TL;DR
This paper introduces a meta-learning approach for brain connectome analysis that improves data efficiency by transferring knowledge from large datasets to small ones, incorporating brain-network-specific design strategies.
Contribution
It proposes a novel meta-training framework tailored for brain connectomes, enhancing performance on limited data and revealing dataset and disease similarities.
Findings
Meta-learning outperforms traditional pre-training strategies.
The approach achieves higher and more stable performance.

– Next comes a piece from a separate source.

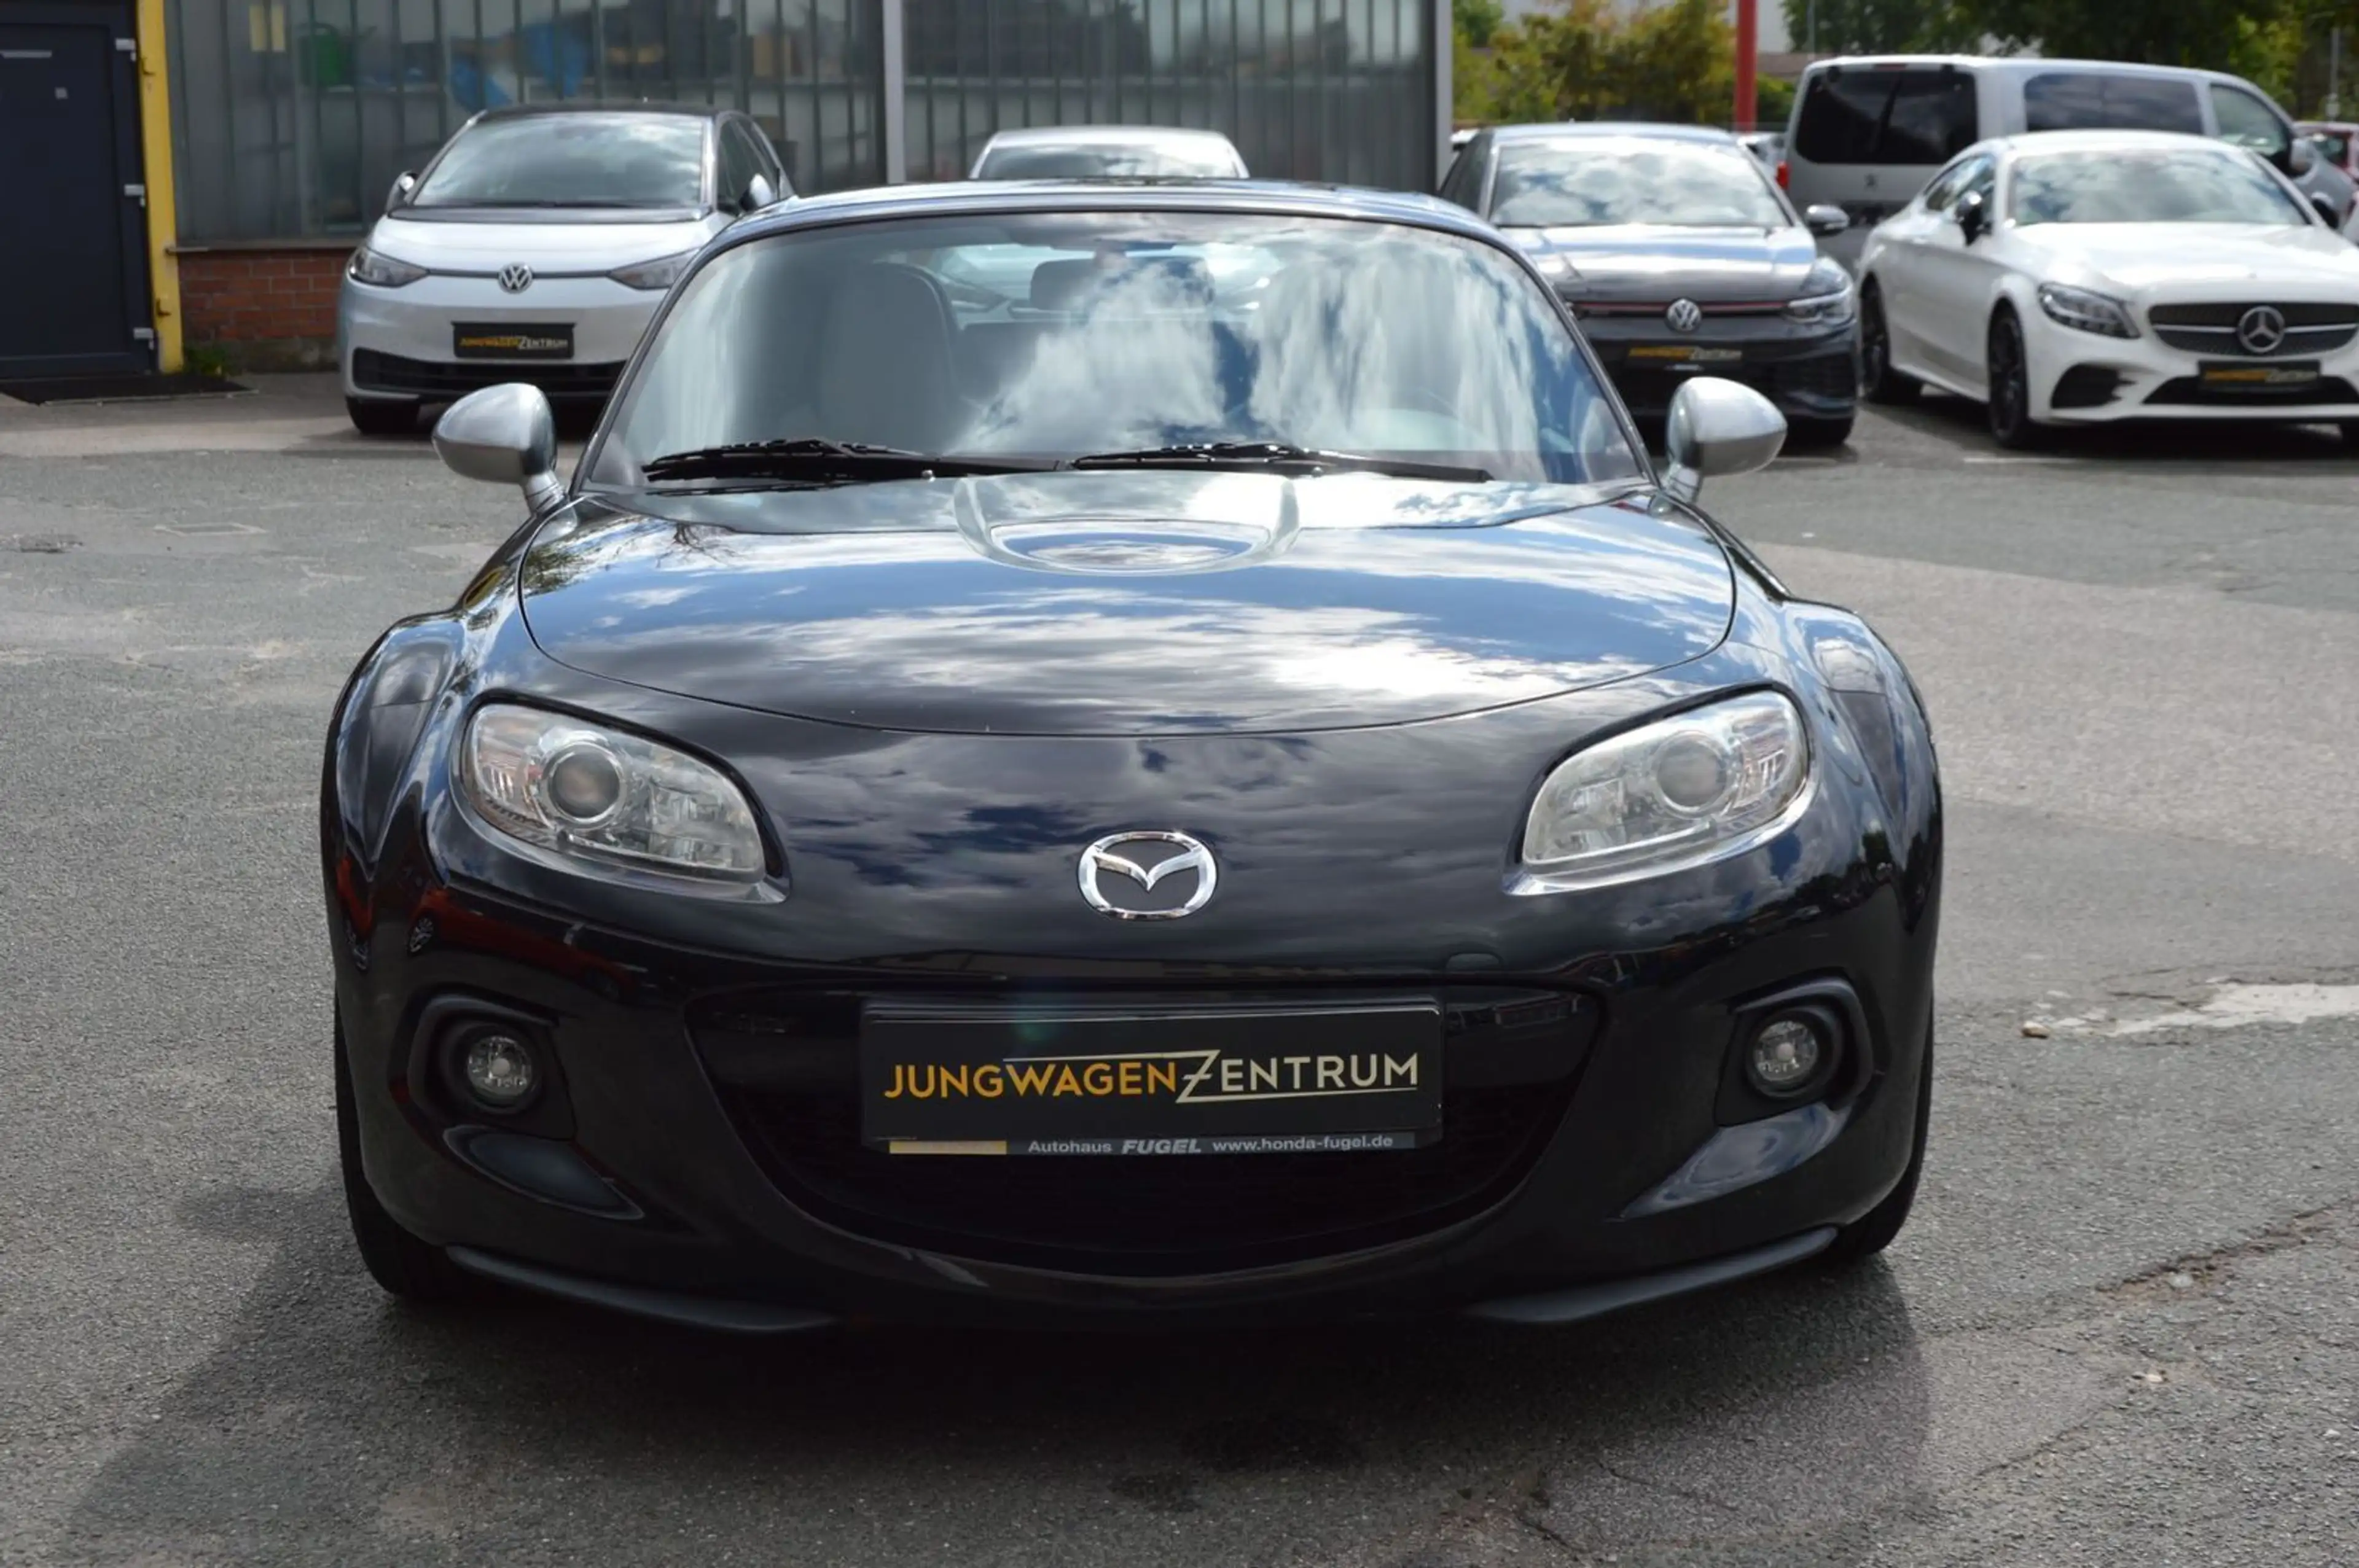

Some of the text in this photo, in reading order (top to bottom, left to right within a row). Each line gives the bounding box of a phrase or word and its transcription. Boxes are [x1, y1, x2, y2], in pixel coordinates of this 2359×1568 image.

[1028, 1134, 1393, 1155] Autohaus FUGEL www.honda-fugel.de

It uncovers insights into dataset and disease relationships.
Abstract
Brain networks characterize complex connectivities among brain regions as graph structures, which provide a powerful means to study brain connectomes. In recent years, graph neural networks have emerged as a prevalent paradigm of learning with structured data. However, most brain network datasets are limited in sample sizes due to the relatively high cost of data acquisition, which hinders the deep learning models from sufficient training. Inspired by meta-learning that learns new concepts fast with limited training examples, this paper studies data-efficient training strategies for analyzing brain connectomes in a cross-dataset setting. Specifically, we propose to meta-train the model on datasets of large sample sizes and transfer the knowledge to small datasets. In addition, we also explore two brain-network-oriented designs, including atlas transformation and adaptive task…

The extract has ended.